■ **What to produce**
Restate the data word for word. Leave the pictures out.

(Data excerpts)
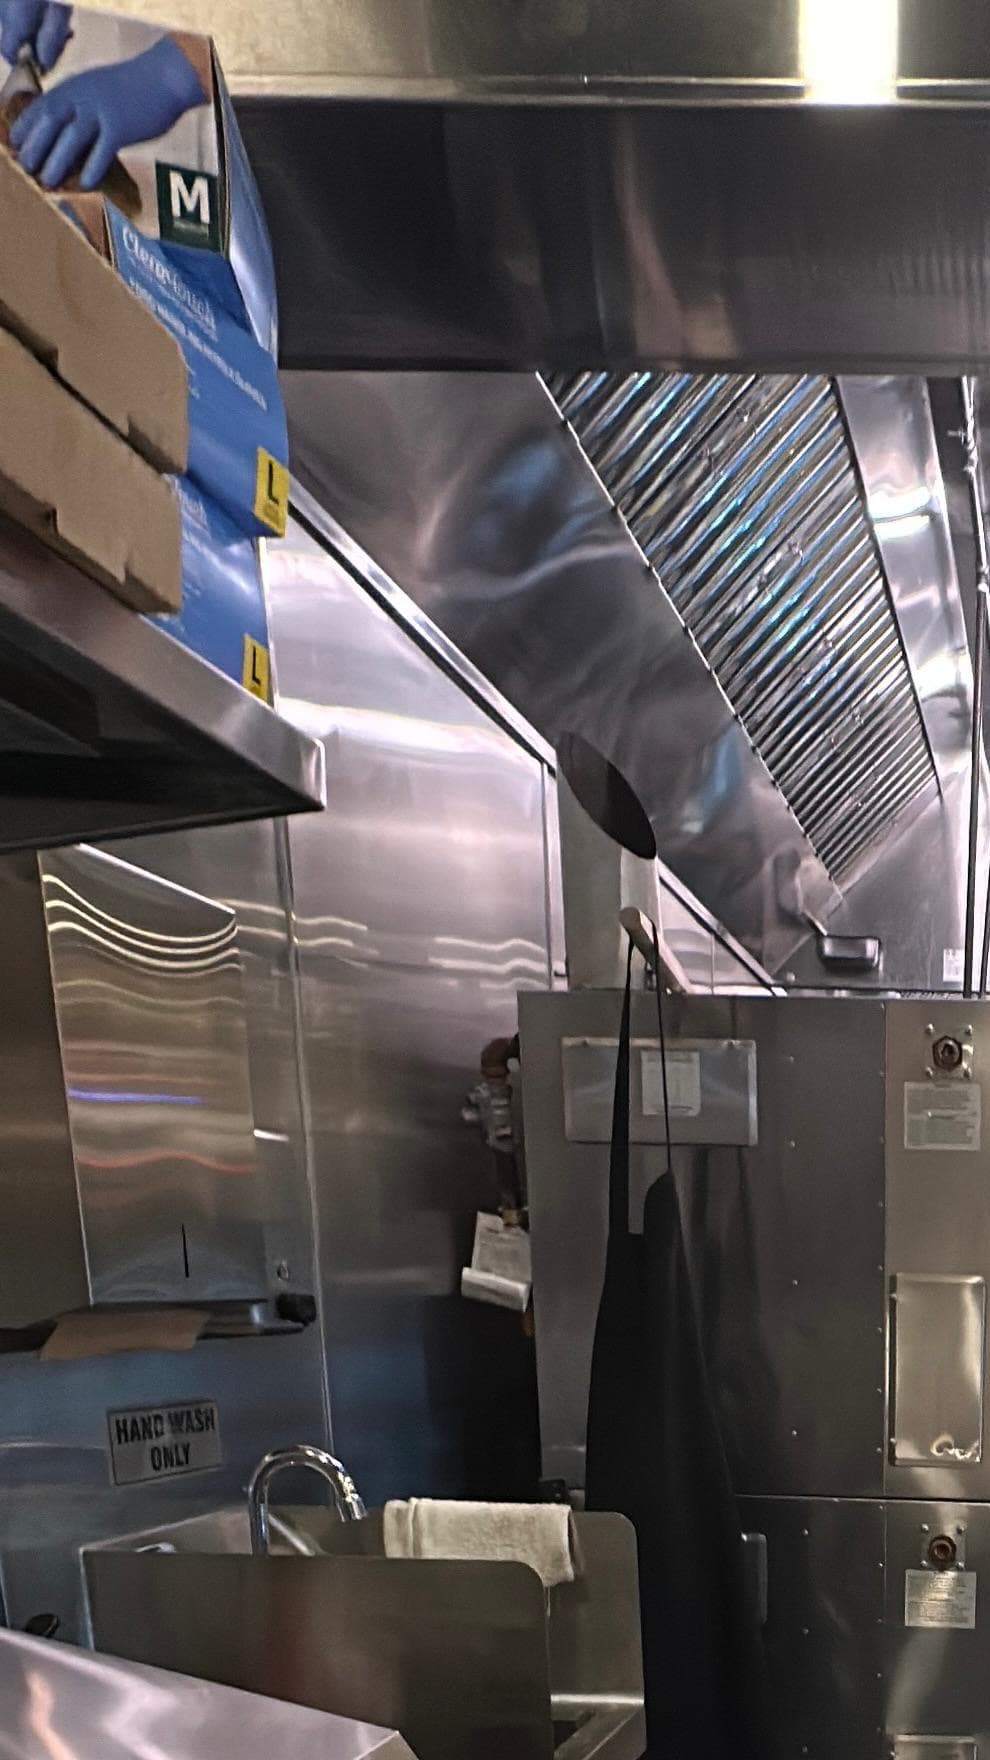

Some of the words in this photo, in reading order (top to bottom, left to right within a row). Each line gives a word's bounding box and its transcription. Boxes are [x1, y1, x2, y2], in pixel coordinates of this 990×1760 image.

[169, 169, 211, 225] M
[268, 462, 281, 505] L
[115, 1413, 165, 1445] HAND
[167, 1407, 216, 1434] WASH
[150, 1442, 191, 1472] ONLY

■ **Task response**
Some of the words in this photo, in reading order (top to bottom, left to right within a row). Each line gives a word's bounding box and its transcription. Boxes are [x1, y1, x2, y2], in pixel coordinates of this 990×1760 image.

[169, 169, 211, 225] M
[268, 462, 281, 505] L
[115, 1413, 165, 1445] HAND
[167, 1407, 216, 1434] WASH
[150, 1442, 191, 1472] ONLY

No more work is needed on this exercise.